Pleo unveils finance AI agents amid broader business transformation

The Danish fintech launched a suite of agentic AI tools designed to reduce administrative work for finance teams. Separately, it has confirmed a workforce reduction affecting around 50 employees, primarily in engineering and data.


Pleo unveils finance AI agents amid broader business transformation Image by: Pleo

On 11 June, Pleo unveiled a suite of “agentic” AI tools that it says will help finance teams reduce administrative work. The software agents are designed to autonomously handle expense-policy checks, invoices, treasury monitoring and bookkeeping, escalating only the cases that need a human.

Agentic AI gives finance leaders a clear path to free themselves from administrative tasks,” chief executive and co-founder Jeppe Rindom said. A beta is due in July.

Separately, Pleo recently cut around 50 roles, primarily across its engineering and data teams. Although reports of the layoffs surfaced shortly after the AI announcement, the workforce reduction had taken place earlier and was not directly tied to the launch of the new products.

What the agents do

The suite includes five specialised agents. The Policy Agent, which is already live, applies company spend rules in real time, flagging exceptions and directing approvals to the right person.

The AP Agent handles invoice processing end-to-end, from ingestion through email to payment tracking. A Treasury Agent monitors cash flow and tracks spend against budget, surfacing overspend risk before it materialises.

An Accounting Agent manages transaction coding, account reconciliation and book closing, escalating only items that need human review. Pleo is also releasing its own MCP (Model Context Protocol) server, an infrastructure layer that lets finance teams connect third-party AI tools, including ChatGPT Codex, Gemini and Copilot, directly to Pleo’s data environment.

The layoffs in context

The roughly 50 cuts fell on Pleo’s “Offering” teams, which span product, technology, design and data and employed about 300 people beforehand. Staff in Denmark, the UK and Germany were affected, some at senior level, as first reported by tech.eu.

The changes were “designed to strengthen focus, simplify decision-making, and accelerate product delivery for customers,” a spokesperson said, “while reflecting the increasing role of new technologies in how product and technology teams operate.”

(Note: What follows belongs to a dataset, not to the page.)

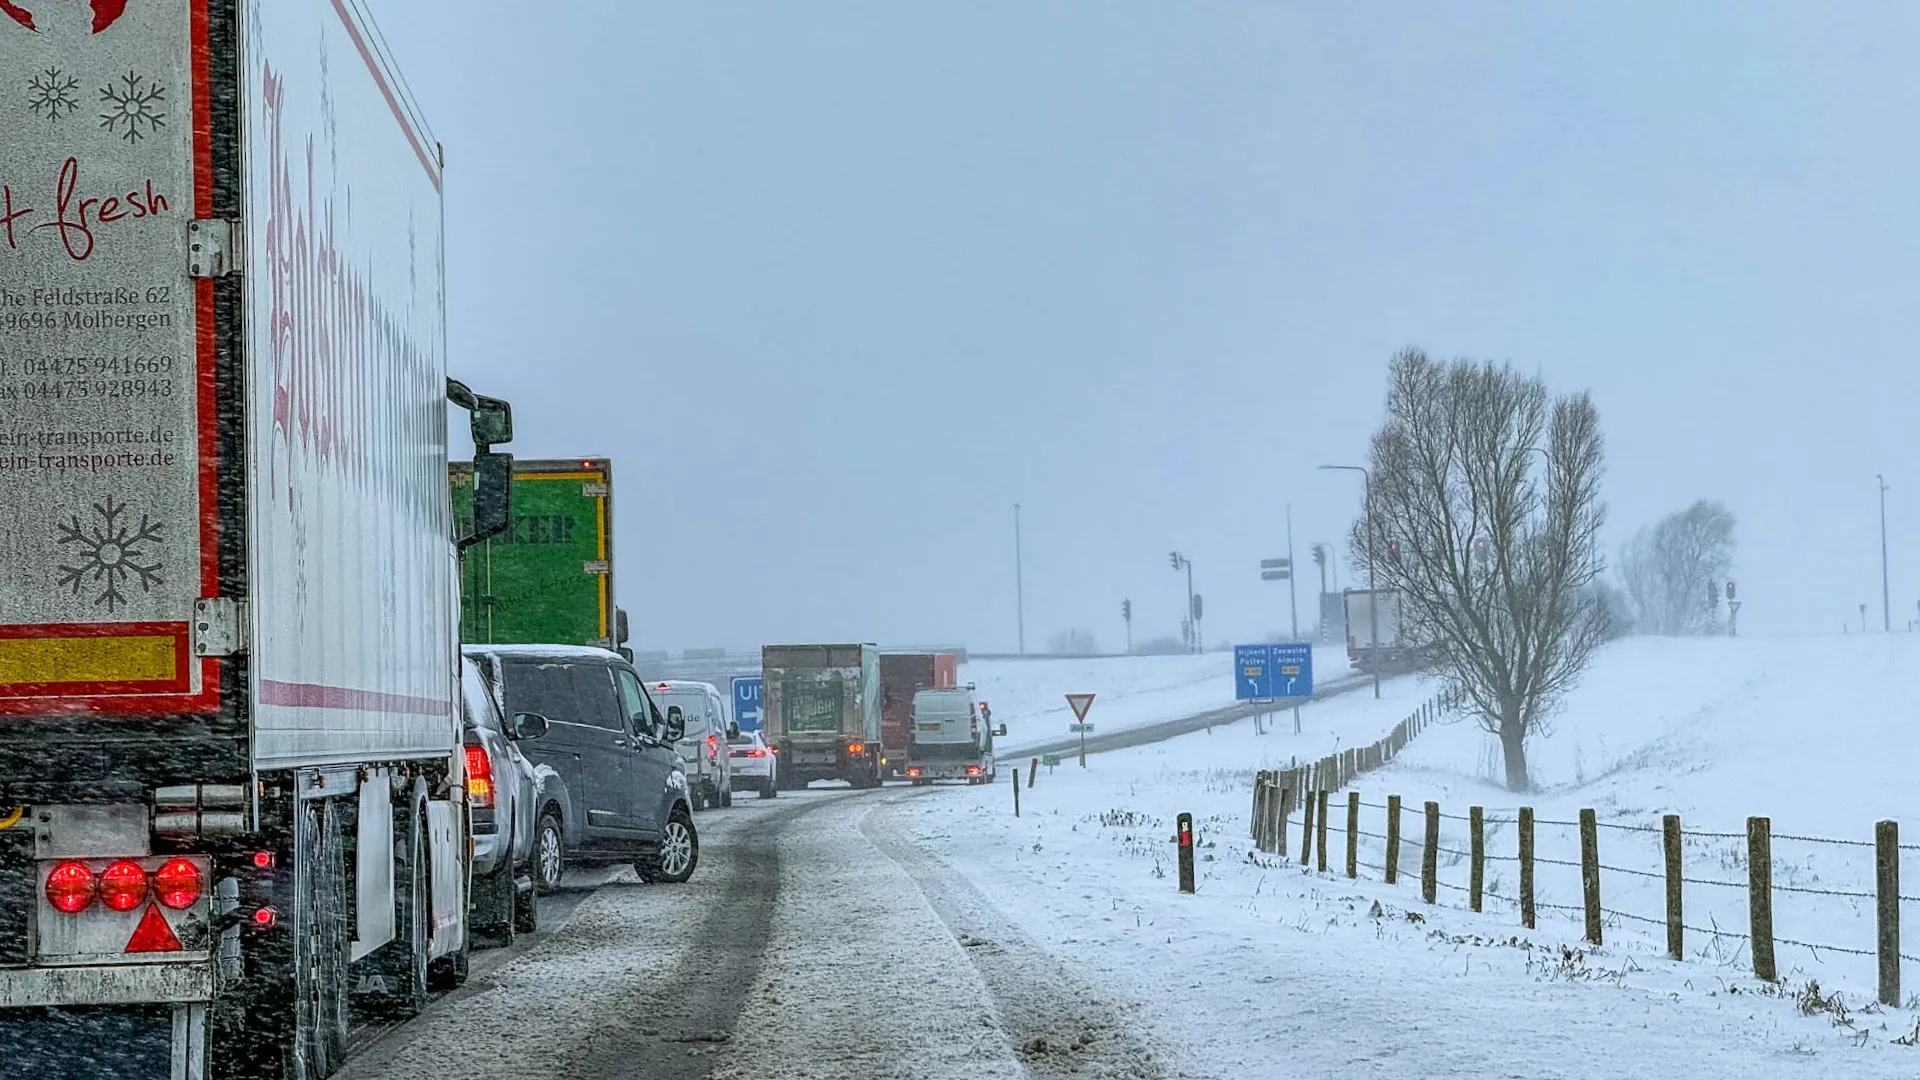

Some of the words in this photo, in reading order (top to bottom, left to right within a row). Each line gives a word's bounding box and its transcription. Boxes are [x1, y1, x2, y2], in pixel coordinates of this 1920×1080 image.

This is Pleo’s third round of cuts since 2022. Last autumn’s roughly 100 redundancies fell on commercial and go-to-market staff, while a 2022 round took around 15 per cent of the workforce.

A leaner company in a tougher market

Pleo was valued at $4.7bn in late 2021 after raising $200m at the peak of the fintech boom. Last year, its backer Kinnevik wrote the stake down to an implied $1.62bn, about a third of that peak.

The competition is closing in. US spend-management leader Ramp bought Stockholm’s Billhop this year to enter Europe directly, in a market already bracing for consolidation.

Yet Pleo is not shrinking on every measure. Founded in Copenhagen in 2015 by Rindom and Niccolo Perra, the company still employs more than 800 people, says over 40,000 businesses use its tools, and reported 37 per cent revenue growth in 2024.

AI and the workforce question

The agents Pleo is selling target its customers’ finance staff, not its own engineers, so the launch did not literally replace the people it let go. The internal “new technologies” most likely refers to the AI coding tools now standard across software teams.

The pattern is familiar in 2026. GitLab restructured for the “agentic era,” while Meta, Oracle and Atlassian have all tied cuts to an AI build-out.

As Mark Zuckerberg told Meta staff, layoffs dressed as AI are often about cost underneath. The wider 2026 layoff wave has been justified by AI productivity that has not always materialised.

In Pleo’s case, the company says the two events are unrelated. The first test of the AI strategy will be whether the July beta lands on time, and whether the next set of accounts still shows growth.